‘Out of area or out of business.’ The logic of NATO

So when we say that England’s master
Remember who has made her so.

It’s the soldiers of the Queen, my lads
Who’ve been my lads, who’ve been my lads
In the fight for England’s glory, lads
When we have to show them what we mean

Occasionally, I tune into Russian TV chat shows, such as Evening with Vladimir Solovyov (or “Russians Shouting at Each Other,” as it’s known in my family). The other night Solovyov and guests were talking about Russia’s decision to cut all ties with NATO (a topic which I discuss in an article for RT here). One of those present argued that the problem was that NATO didn’t know what it was for. Others objected that it knew perfectly well – its objective was the containment, even dismemberment, of Russia. I think that both are wrong. NATO does have an objective, just not that one, and not a very good one either. Let me explain what it is.

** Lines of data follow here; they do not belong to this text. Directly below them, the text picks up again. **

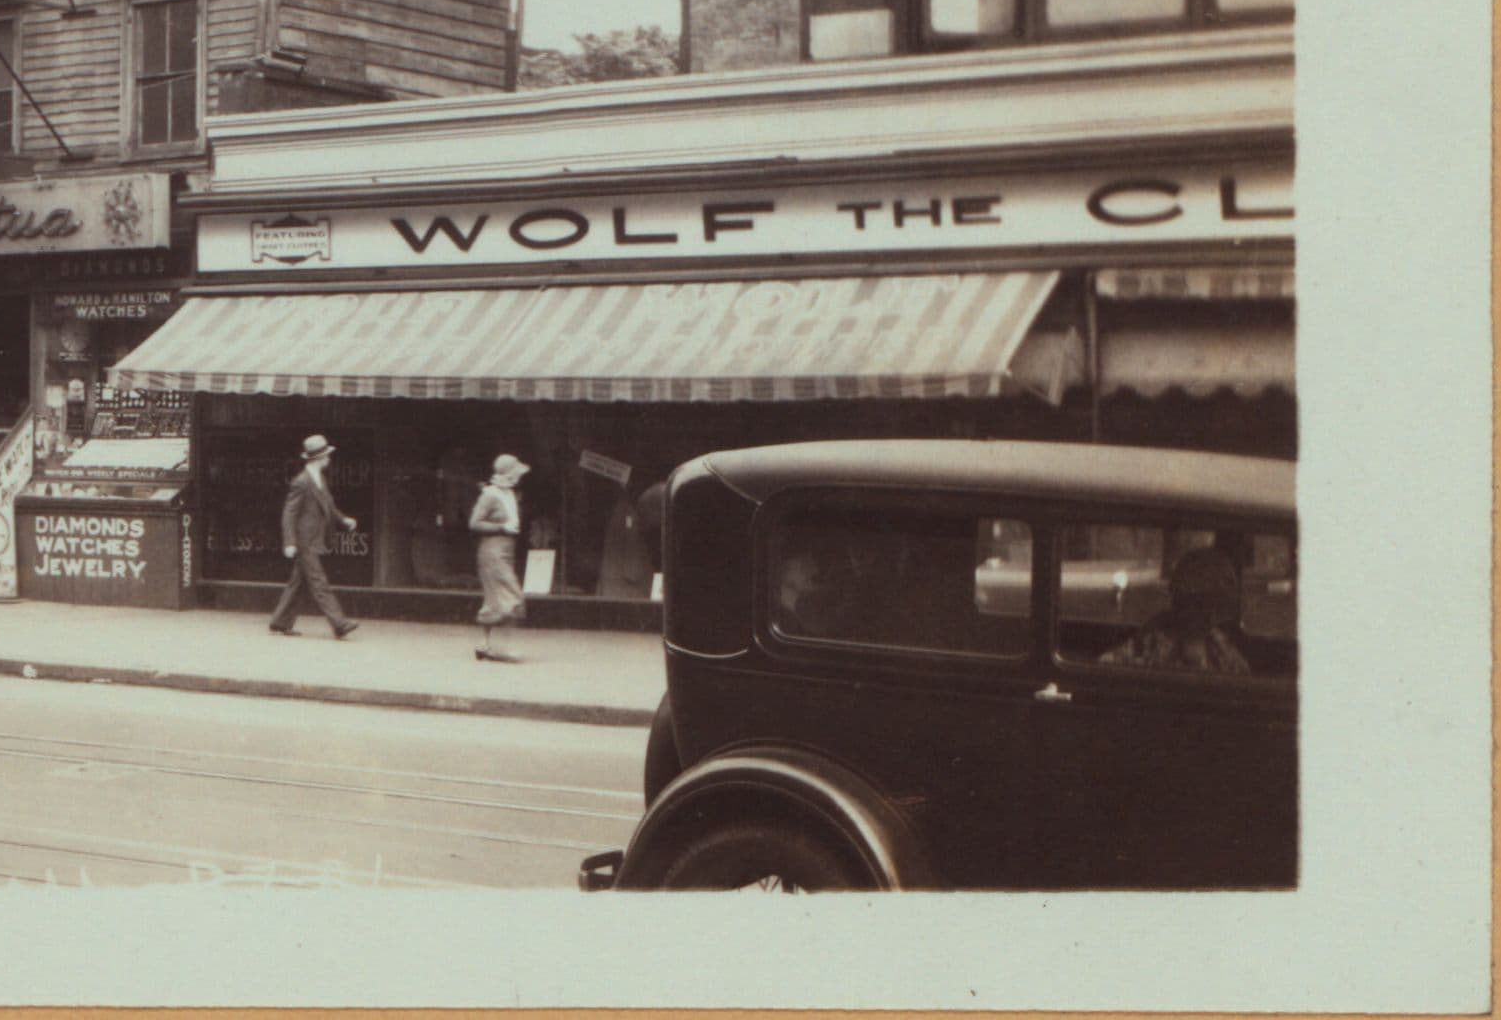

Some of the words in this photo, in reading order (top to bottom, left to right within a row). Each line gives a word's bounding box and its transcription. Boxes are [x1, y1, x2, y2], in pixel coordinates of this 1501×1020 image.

[390, 201, 776, 253] WOLF
[837, 194, 1002, 230] THE
[1086, 177, 1295, 226] CL
[255, 229, 325, 240] FEATURING
[59, 256, 165, 277] DIAMONDS
[75, 304, 148, 319] WATCHES
[117, 468, 156, 478] SPECIALS
[34, 515, 146, 538] DIAMONDS
[35, 535, 141, 557] WATCHES
[181, 513, 193, 588] DIAMONDS
[34, 553, 148, 578] JEWELRY
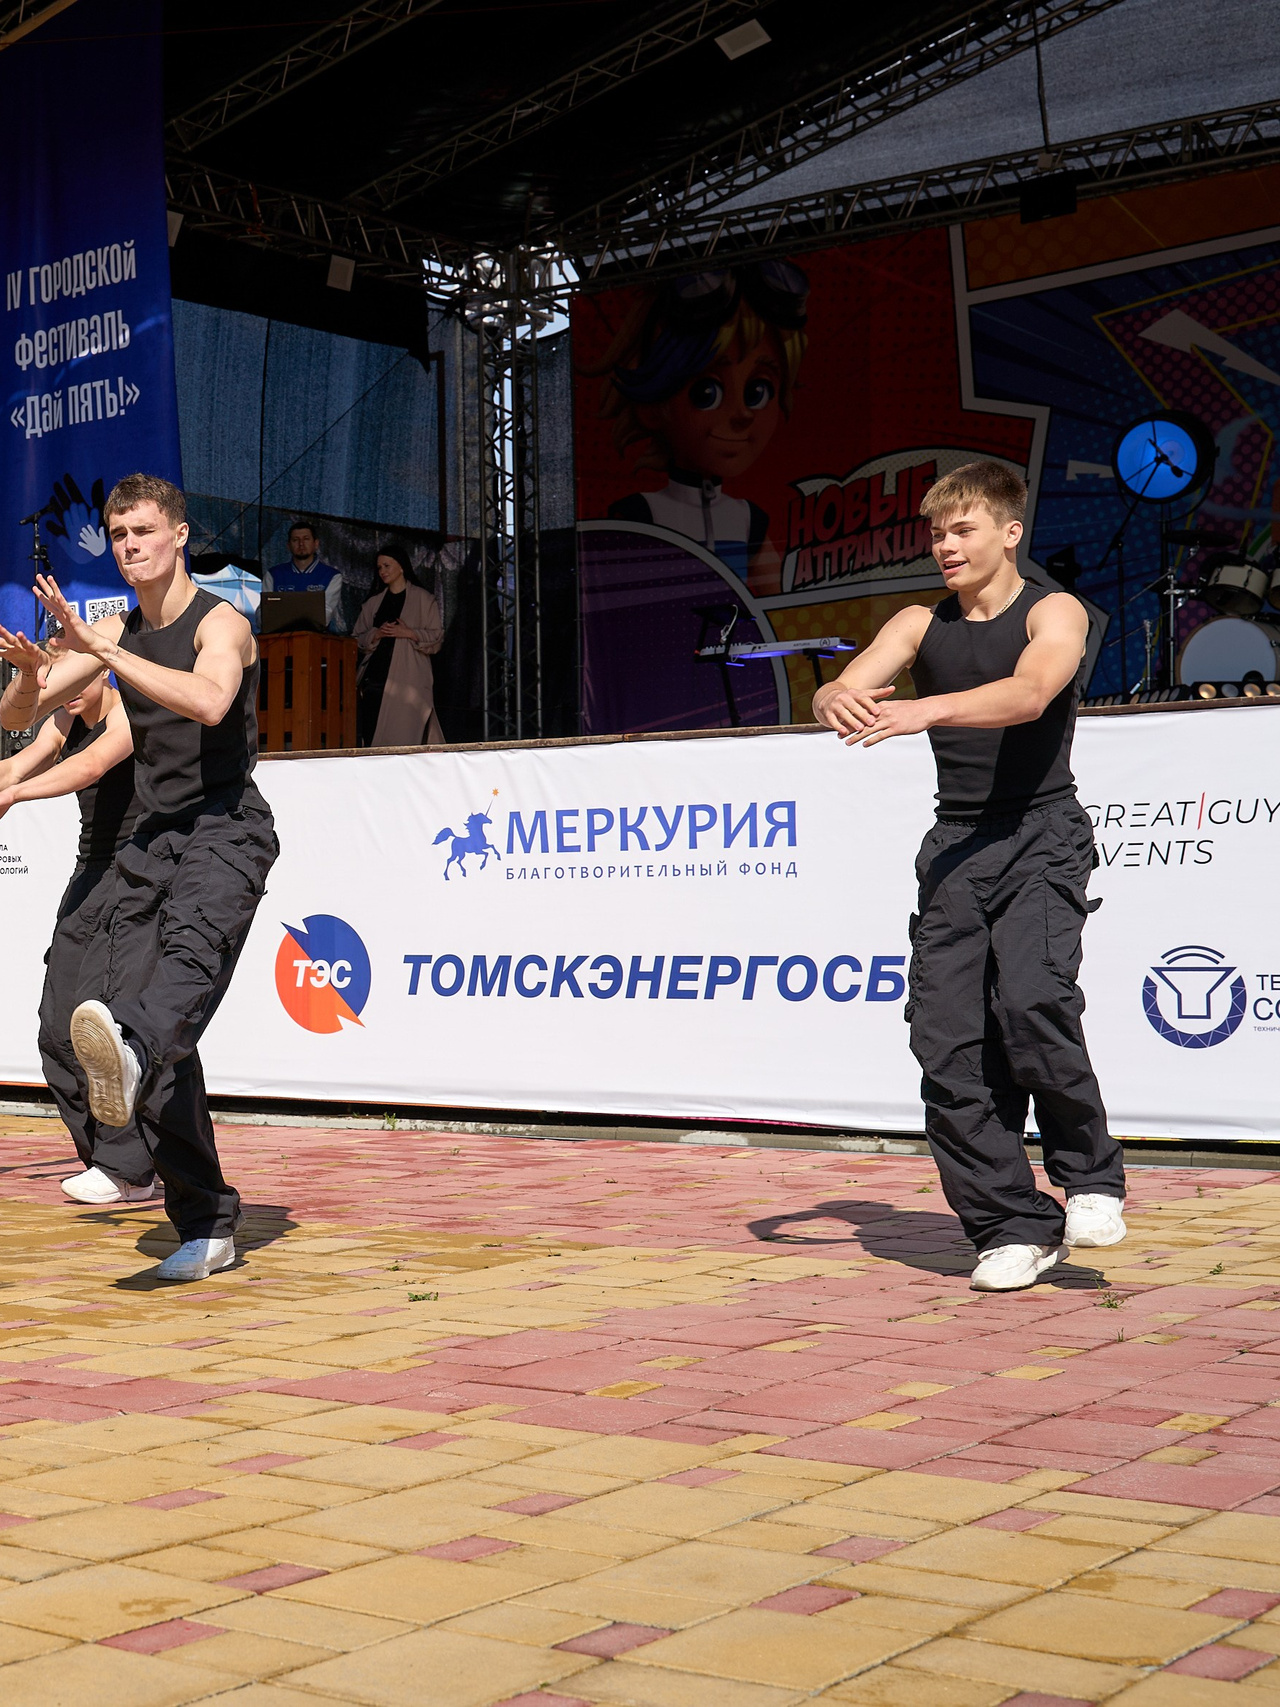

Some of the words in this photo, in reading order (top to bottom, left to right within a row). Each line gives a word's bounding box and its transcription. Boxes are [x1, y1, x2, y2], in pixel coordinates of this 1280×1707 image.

[6, 270, 22, 311] IV
[789, 459, 938, 549] НОВЫЕ
[506, 800, 798, 855] МЕРКУРИЯ
[506, 860, 728, 880] БЛАГОТВОРИТЕЛЬНЫЙ
[739, 861, 798, 879] ФОНД
[1093, 839, 1214, 867] VENTS
[292, 959, 353, 989] ТЭС

But first, a little historical and personal digression.

For there was a time when I was a loyal NATO soldier myself, and looking back on it I have to say it was a damned good thing that the Soviets never attacked because I don’t think we’d have done so well in the encounter.

Take my experience of ‘Exercise Active Edge.’ This was the code name given to practice alerts, in which units of the British Army of the Rhine in West Germany were tested to see how quickly and efficiently they could mobilize themselves, and in more extreme versions of the exercise, deploy to their wartime locations to await the onslaught of the Soviet 3rd Shock Army.

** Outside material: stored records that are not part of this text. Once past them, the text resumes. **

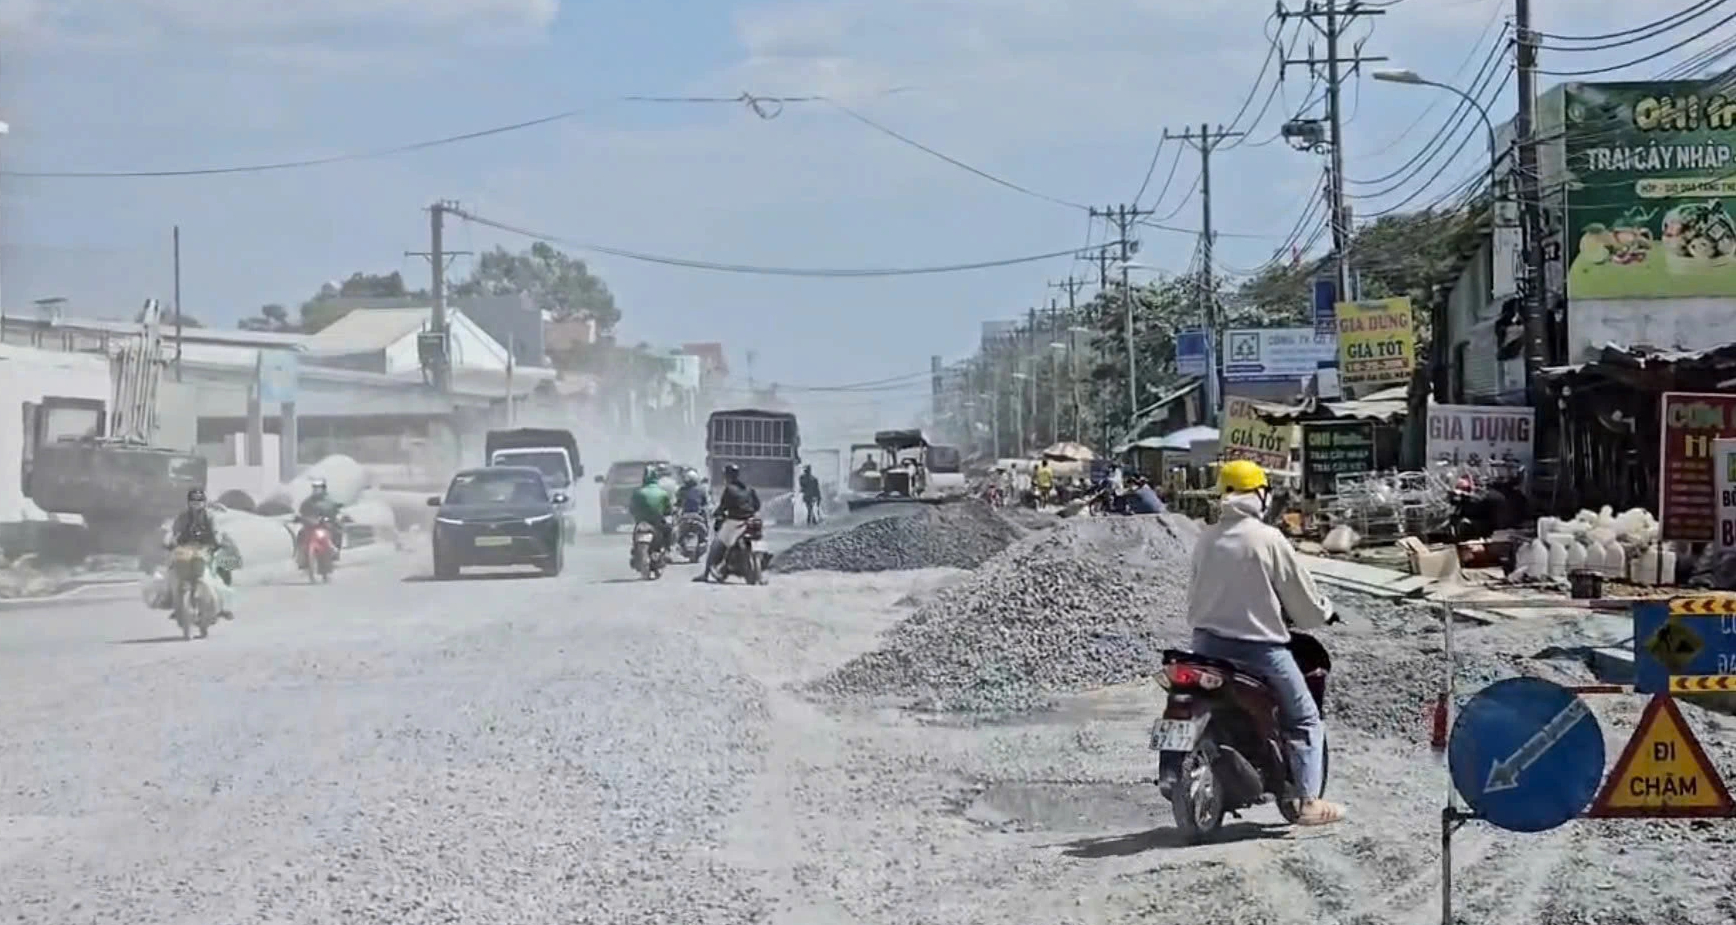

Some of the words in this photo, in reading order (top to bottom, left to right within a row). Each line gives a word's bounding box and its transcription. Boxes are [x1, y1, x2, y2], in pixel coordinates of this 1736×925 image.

[1676, 139, 1730, 173] NHẬP
[1348, 335, 1373, 358] GIÁ
[1377, 333, 1404, 356] TỐT
[1231, 425, 1253, 447] GIÁ
[1429, 415, 1464, 441] GIA
[1471, 415, 1530, 447] DỤNG
[1653, 741, 1676, 762] ĐI
[1630, 772, 1697, 801] CHẬM
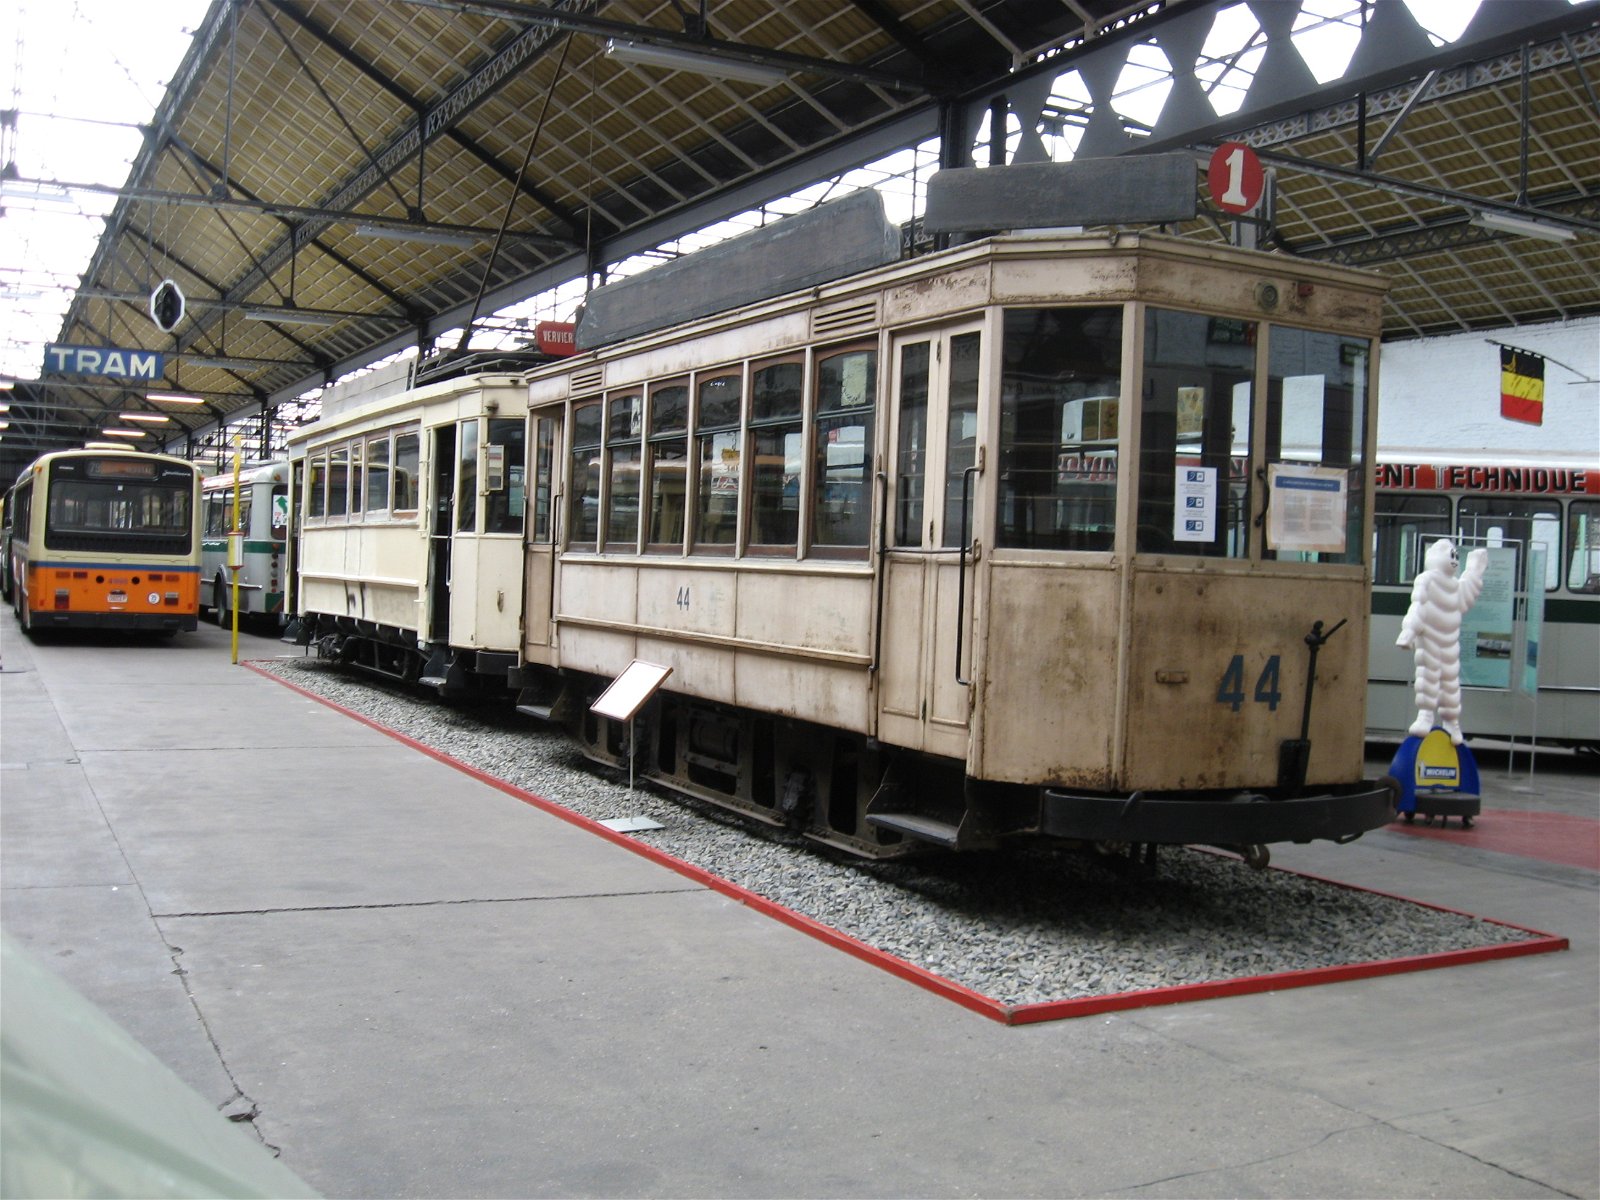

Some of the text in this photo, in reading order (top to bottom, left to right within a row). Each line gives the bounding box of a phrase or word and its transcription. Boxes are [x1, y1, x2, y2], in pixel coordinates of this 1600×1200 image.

[1221, 148, 1247, 207] 1
[50, 347, 156, 379] TRAM
[1431, 464, 1588, 494] TECHNIQUE
[676, 586, 690, 611] 44
[1216, 654, 1282, 712] 44

Back in the dying days of the Cold War, I was just about to finish my tour of duty as a platoon commander in the 2nd Battalion, the Queen’s Regiment (long since defunct), in Minden, West Germany, when in my final stint as duty officer I got the call announcing that our unit was to immediately embark on ‘Active Edge’. We’d got a tip off earlier that evening, so it wasn’t a huge surprise, but it was still a serious bummer. I was due to leave a couple of days later and had already packed up nearly all my stuff in what were called ‘MFO’ boxes to be shipped back to Blighty. What I hadn’t packed I’d handed into the QM. So when a bunch of inspectors turned up and started asking me where was this and where was that, I looked a right idiot as I didn’t have any of it.

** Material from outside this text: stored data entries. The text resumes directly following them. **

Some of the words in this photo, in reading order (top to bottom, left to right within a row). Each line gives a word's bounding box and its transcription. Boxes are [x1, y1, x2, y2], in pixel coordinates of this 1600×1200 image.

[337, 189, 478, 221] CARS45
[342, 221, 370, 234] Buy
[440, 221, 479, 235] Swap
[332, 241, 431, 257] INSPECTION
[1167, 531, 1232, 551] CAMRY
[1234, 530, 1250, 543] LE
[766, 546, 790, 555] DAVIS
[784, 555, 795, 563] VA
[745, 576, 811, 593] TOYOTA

I also didn’t have much of a clue as to how to answer other questions. Should we take all the gear in our stores, they asked? I said no: a lot of it looked totally useless and there was so much that if we put it all in the armoured personnel carriers, there’d be no room for any personnel. We’d probably have to leave some stuff behind. No, they said. Take it all. I guess it was just as well that instead of 30 soldiers, my undermanned platoon had about 10, otherwise we’d have had to leave people behind instead of gear. But to be frank, if the Soviets had rolled up, my 10 guys and I wouldn’t have lasted a second. Frankly, it was a bit of a shitshow, as they say. Certainly not my finest hour, nor that of the regiment. The heroes of Tangier, Ramillies, Vittoria, Sevastopol, and the like, were probably turning in their graves.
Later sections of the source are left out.